Synchronism
Synchronism is the condition in which synchronous machines in an interconnected power system operate at a common electrical frequency while maintaining bounded relative rotor-angle differences. Machines do not need to have identical rotor angles, but their angles must remain coordinated so power can be exchanged in a controlled way.
Loss of synchronism occurs when those relative angles separate without bound, often after a severe disturbance or under weakly damped stressed transfers. Once that happens, power oscillations can become violent enough to threaten shafts, generators, and the wider network.
Key Aspects of Synchronism:
- Common Frequency Condition: Generators in synchronism share the same electrical frequency across the interconnected system. This is a basic requirement for stable parallel operation of synchronous machines.

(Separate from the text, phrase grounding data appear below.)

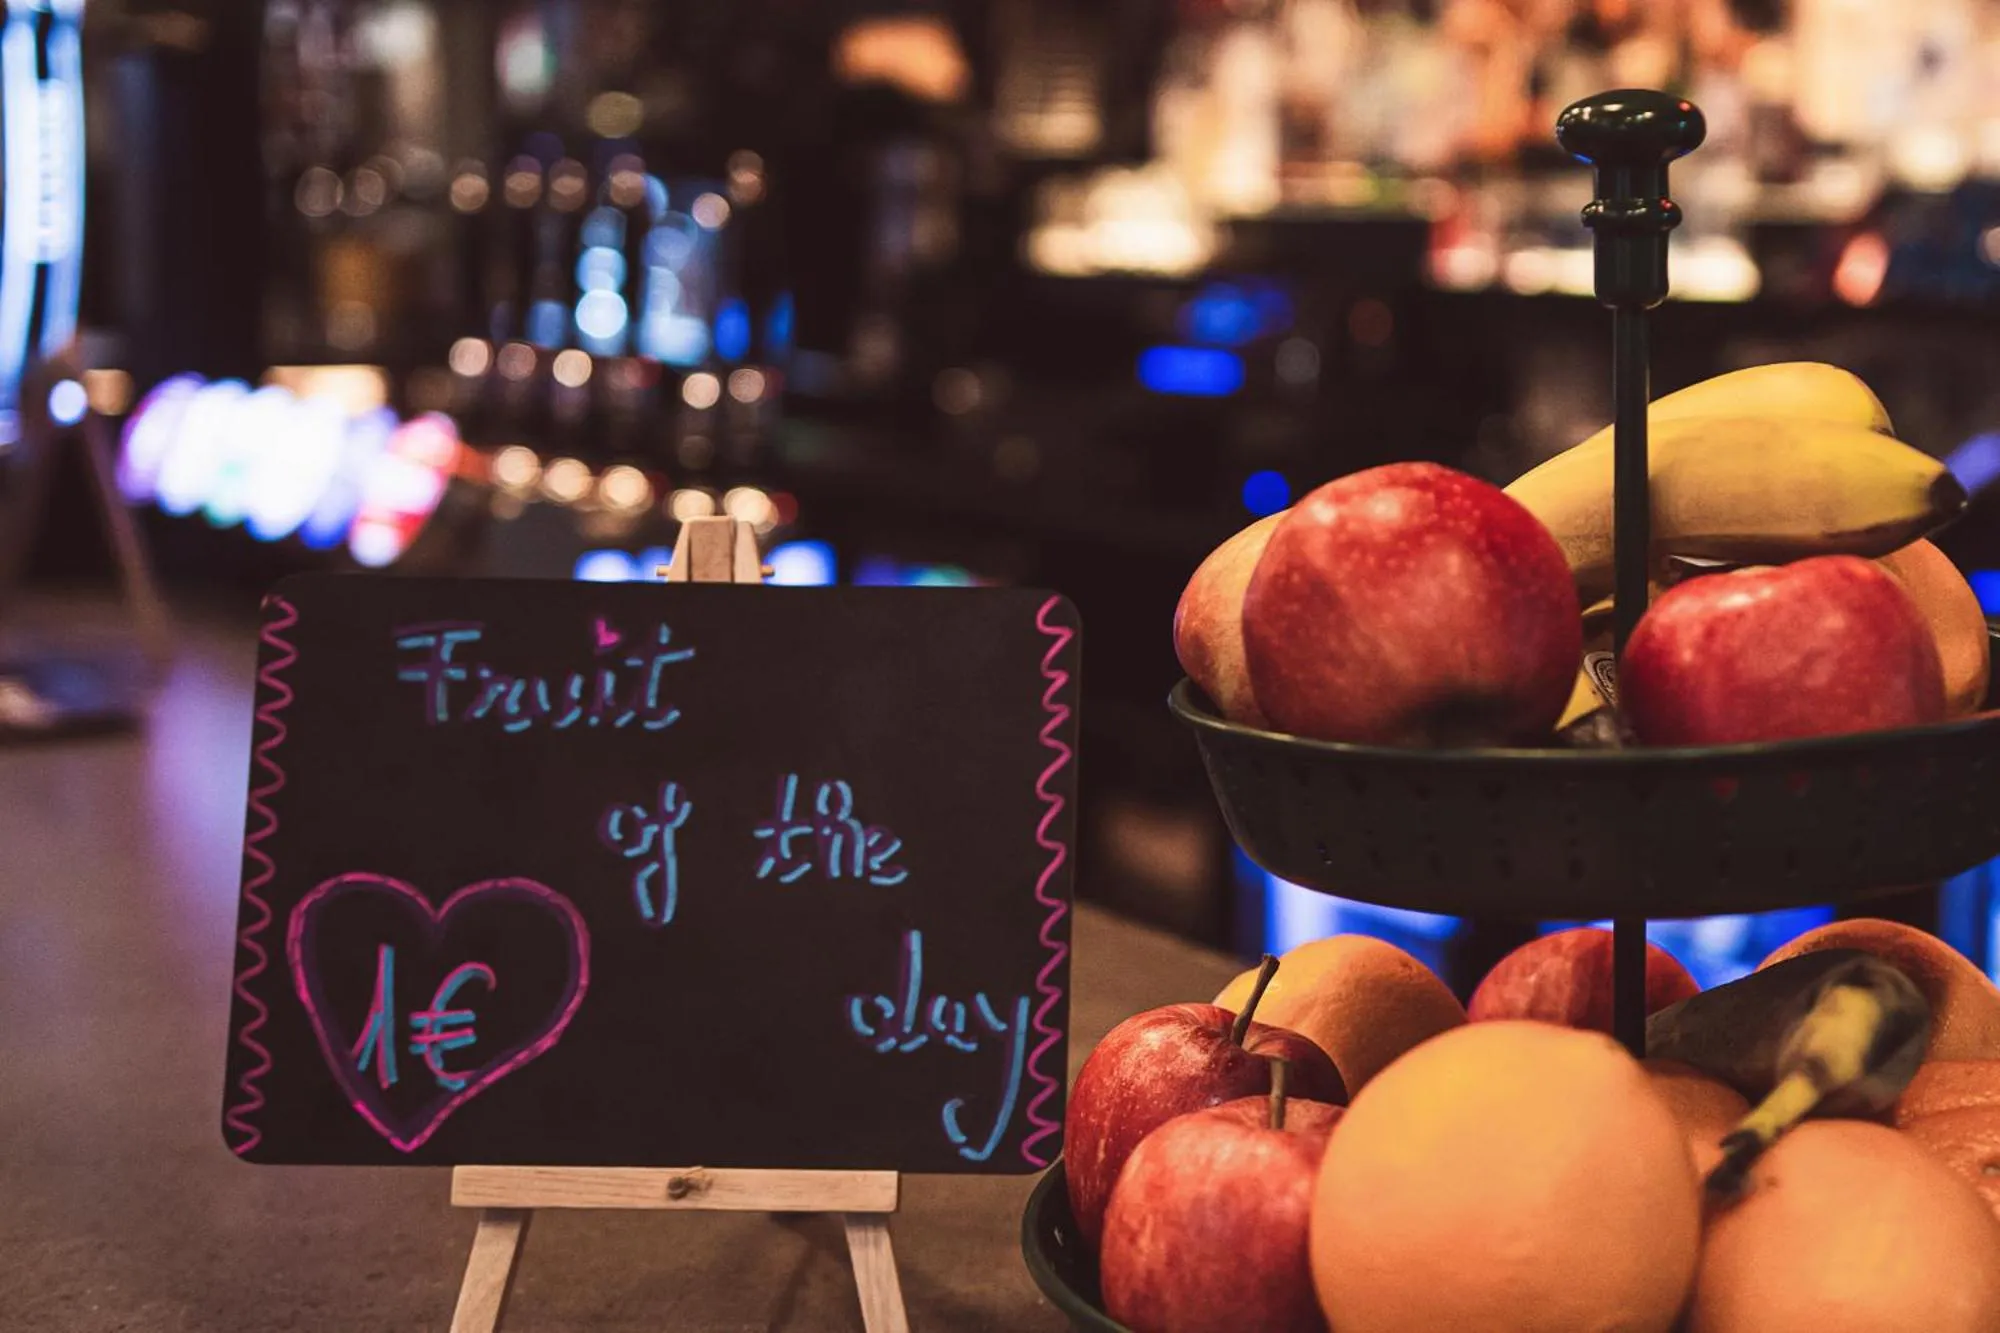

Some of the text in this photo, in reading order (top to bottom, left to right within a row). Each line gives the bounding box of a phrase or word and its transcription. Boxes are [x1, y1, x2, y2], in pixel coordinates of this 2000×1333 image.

[394, 618, 694, 731] Fruit
[602, 774, 908, 926] of the
[350, 944, 497, 1090] 1€
[847, 929, 1031, 1161] day
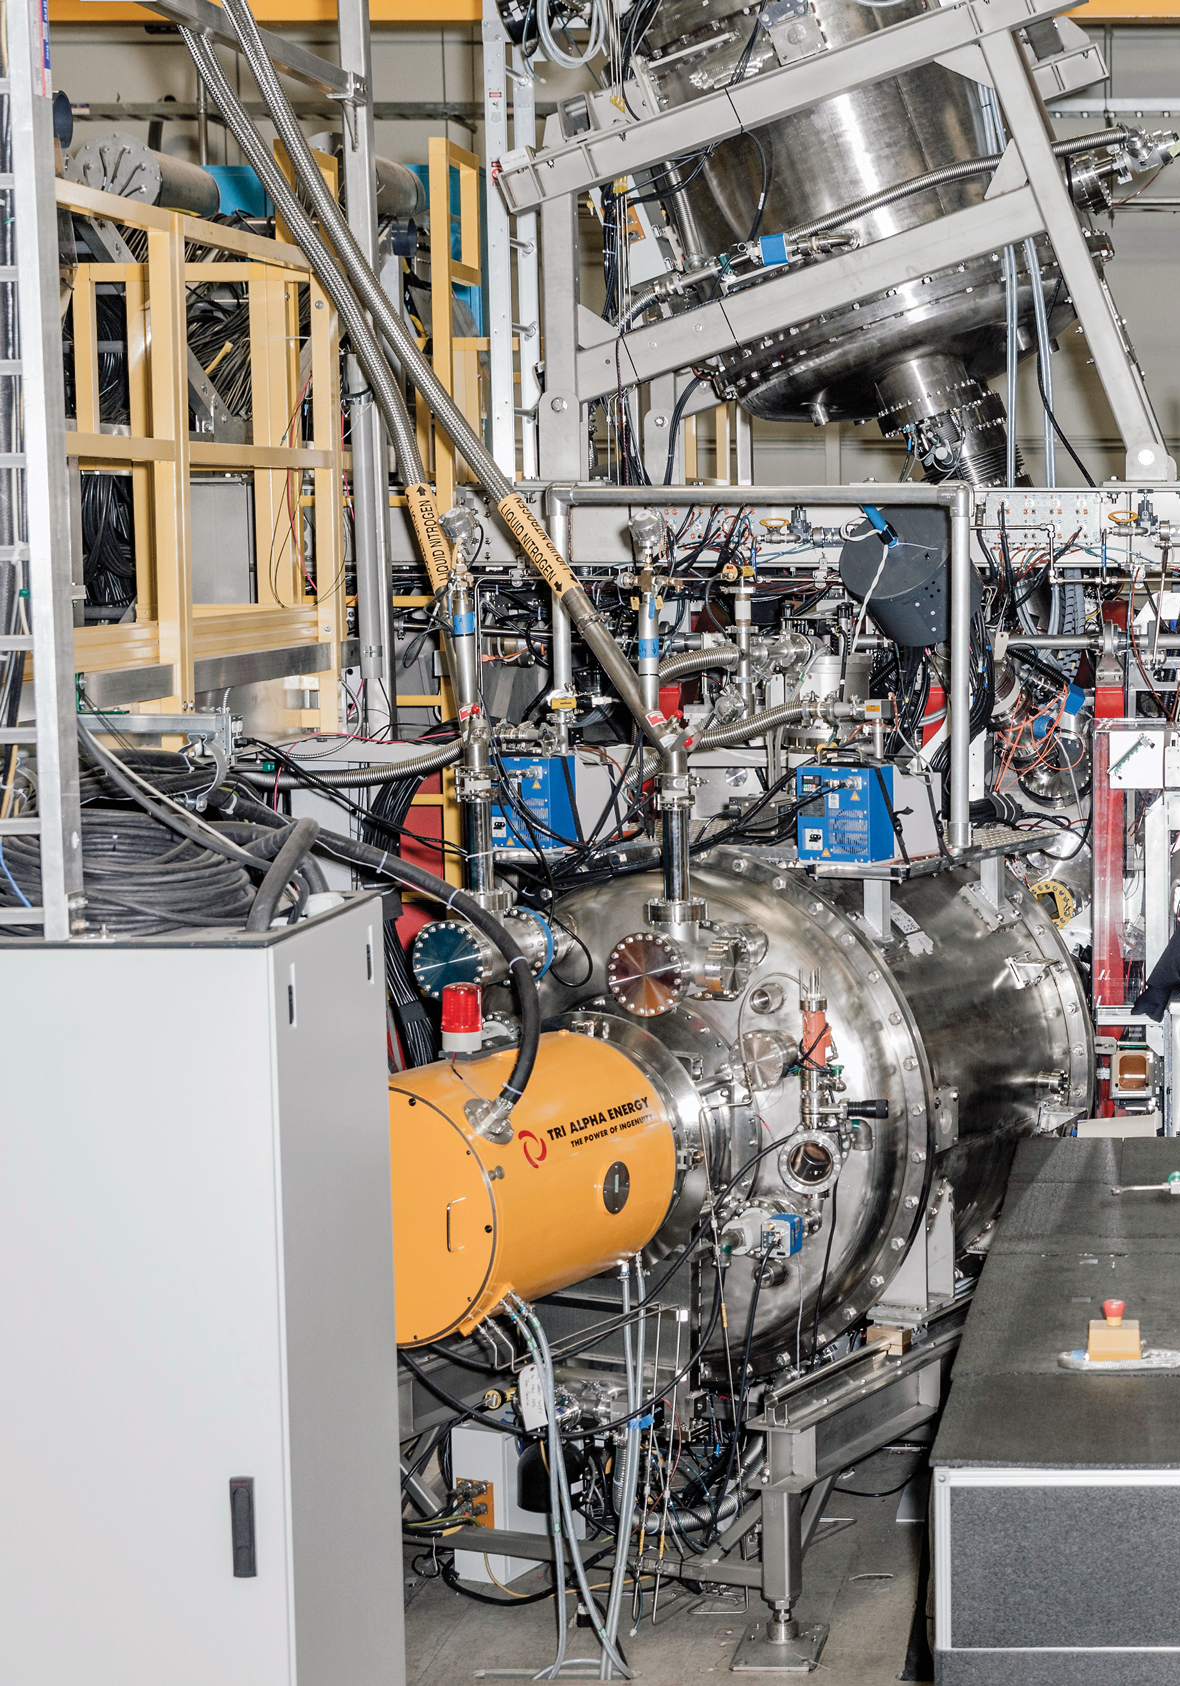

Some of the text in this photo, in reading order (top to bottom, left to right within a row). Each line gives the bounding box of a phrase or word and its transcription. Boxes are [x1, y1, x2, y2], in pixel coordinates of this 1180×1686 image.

[420, 499, 450, 582] LIQUID NITROGEN
[500, 503, 556, 582] LIQUID NITROGEN
[546, 1096, 650, 1141] TRI ALPHA ENERGY
[570, 1113, 653, 1148] THE POWER OF INGENUITY

- Angle Difference Matters: Stable operation allows nonzero angle differences because those differences are what transfer active power through the network. The key requirement is that the differences remain bounded rather than diverging after a disturbance.
- Relation to Stability: Transient stability and small-signal stability are both fundamentally concerned with preserving synchronism. One focuses on large disturbances, while the other focuses on the damping of small oscillations.
- Loss of Synchronism Consequences: Pole slipping can cause severe current and torque oscillations, damage to rotating equipment, and wide-area disturbance propagation. Protection schemes may intentionally separate areas to contain the event.
- Monitoring and Control: Engineers monitor synchronism through rotor-angle studies, synchrophasor measurements, transfer limits, and out-of-step protection logic. Strong network connections and well-tuned controls help maintain it.